_Information:_
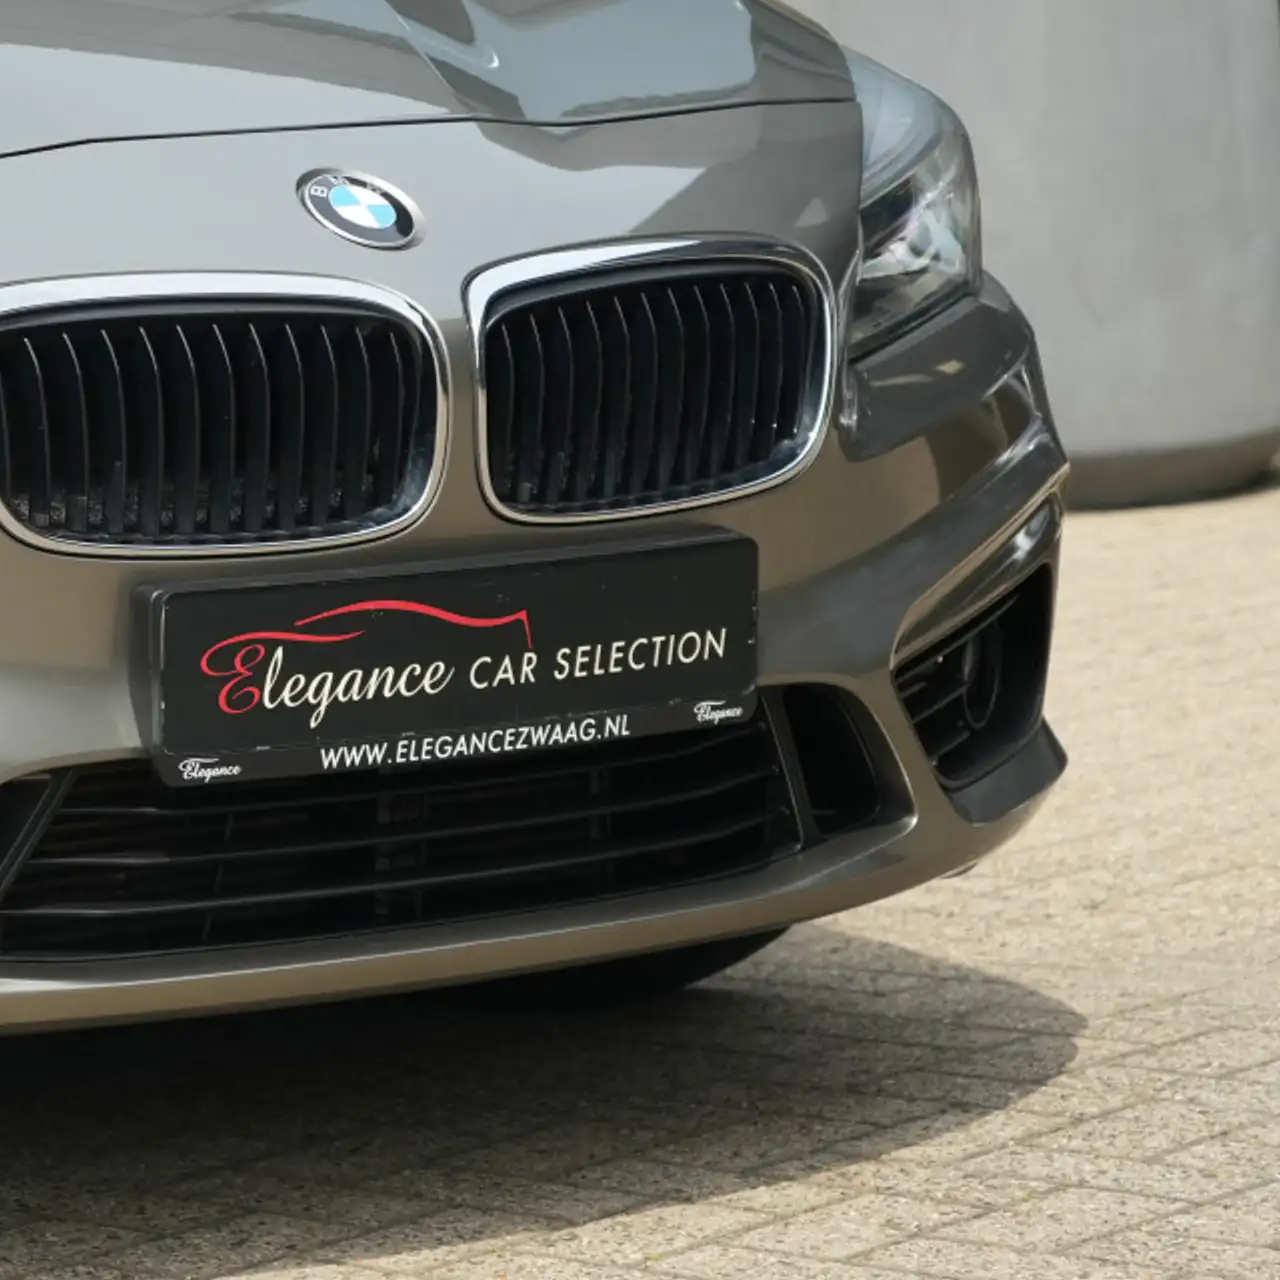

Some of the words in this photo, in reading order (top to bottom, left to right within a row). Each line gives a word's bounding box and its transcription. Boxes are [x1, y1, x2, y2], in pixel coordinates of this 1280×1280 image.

[200, 631, 455, 729] Elegance
[469, 651, 538, 690] CAR
[553, 627, 728, 681] SELECTION
[319, 714, 631, 770] WWW.ELEGANCEZWAAG.NL
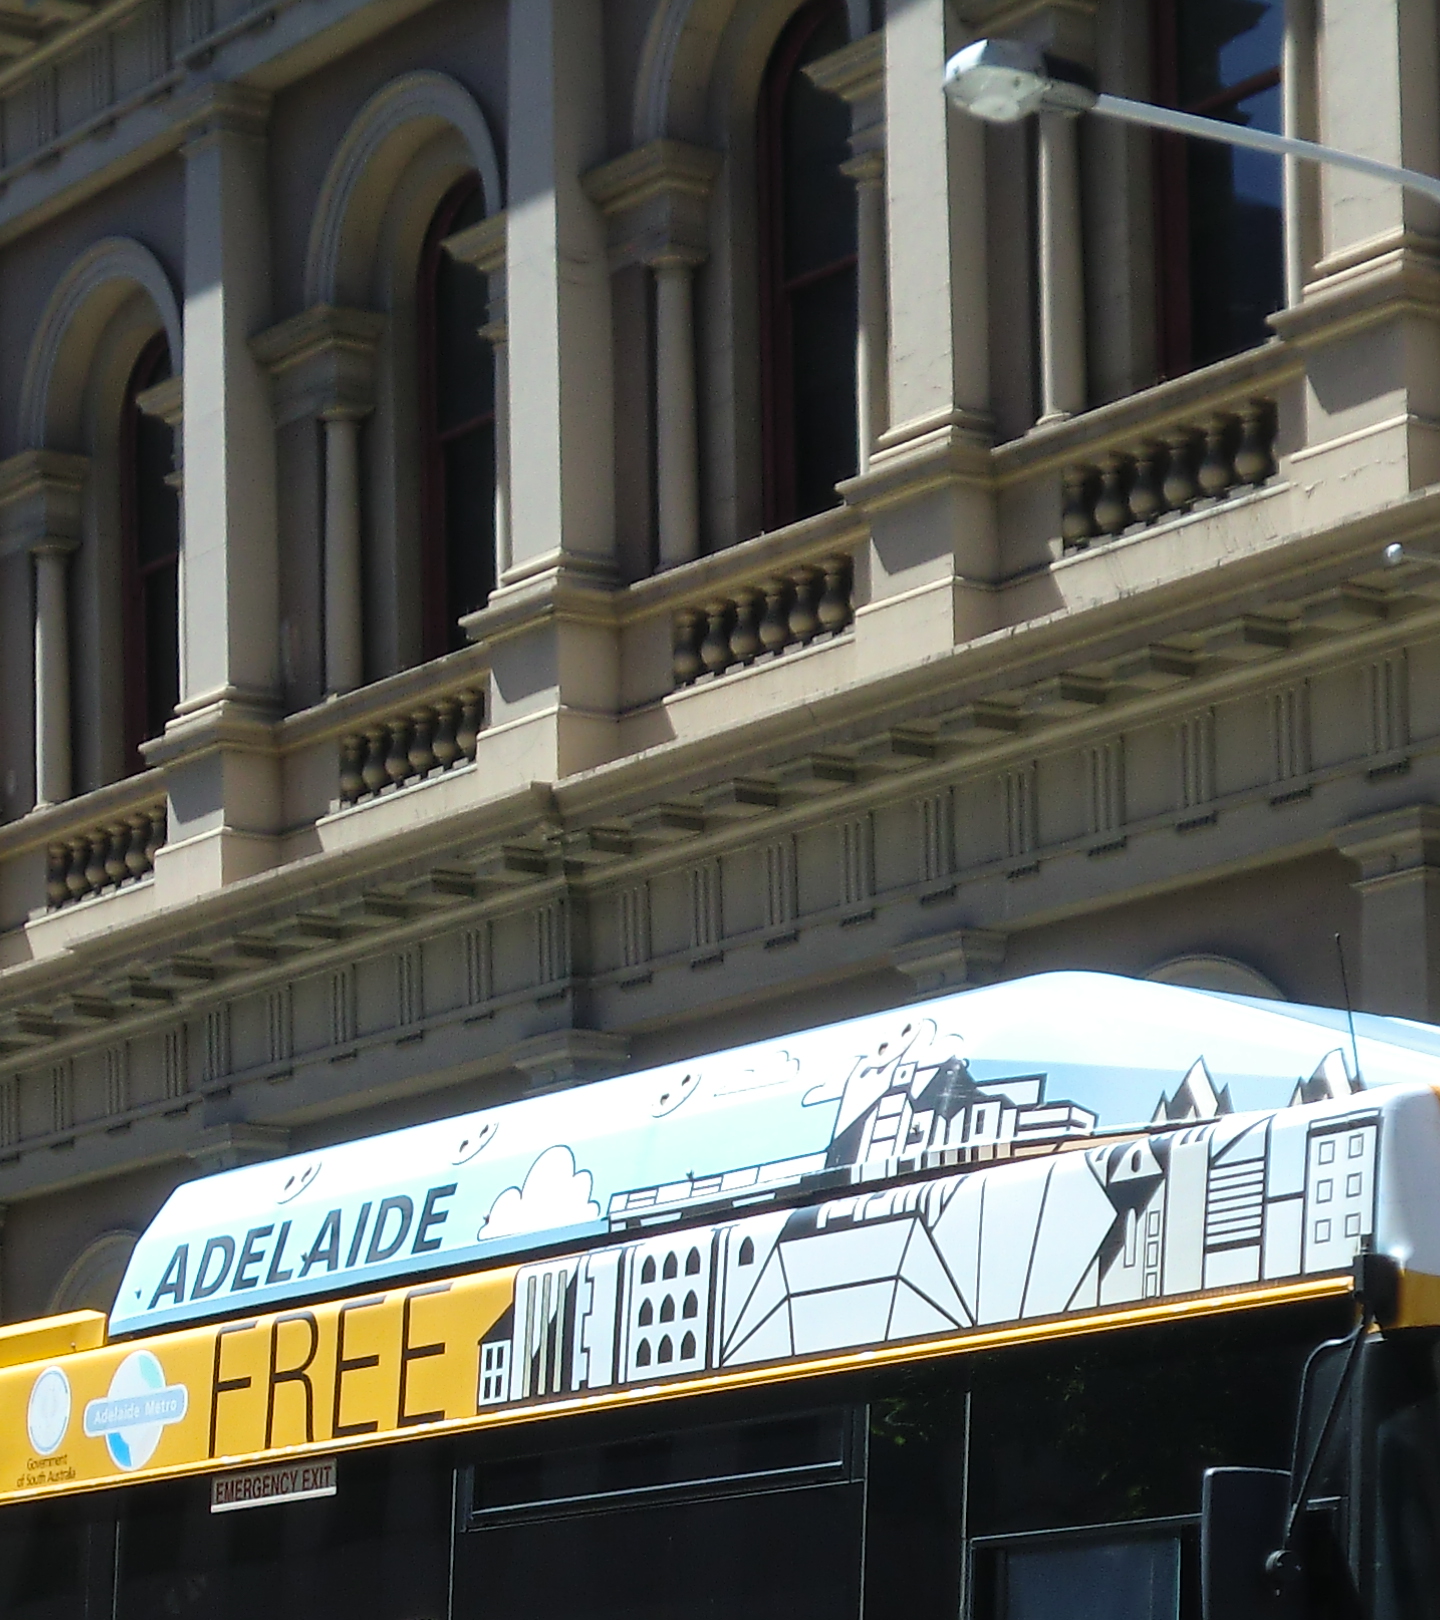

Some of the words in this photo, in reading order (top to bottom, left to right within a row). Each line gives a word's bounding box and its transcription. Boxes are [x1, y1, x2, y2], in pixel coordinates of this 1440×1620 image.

_Requirement:_ Keeping the pictures out, print the entries above exactly as written.

_Response to the exercise:_
Some of the words in this photo, in reading order (top to bottom, left to right within a row). Each line gives a word's bounding box and its transcription. Boxes are [x1, y1, x2, y2], in pixel coordinates of this 1280×1280 image.

[200, 631, 455, 729] Elegance
[469, 651, 538, 690] CAR
[553, 627, 728, 681] SELECTION
[319, 714, 631, 770] WWW.ELEGANCEZWAAG.NL

Some of the words in this photo, in reading order (top to bottom, left to right within a row). Each line gives a word's bounding box and its transcription. Boxes are [x1, y1, x2, y2], in pixel coordinates of this 1440×1620 image.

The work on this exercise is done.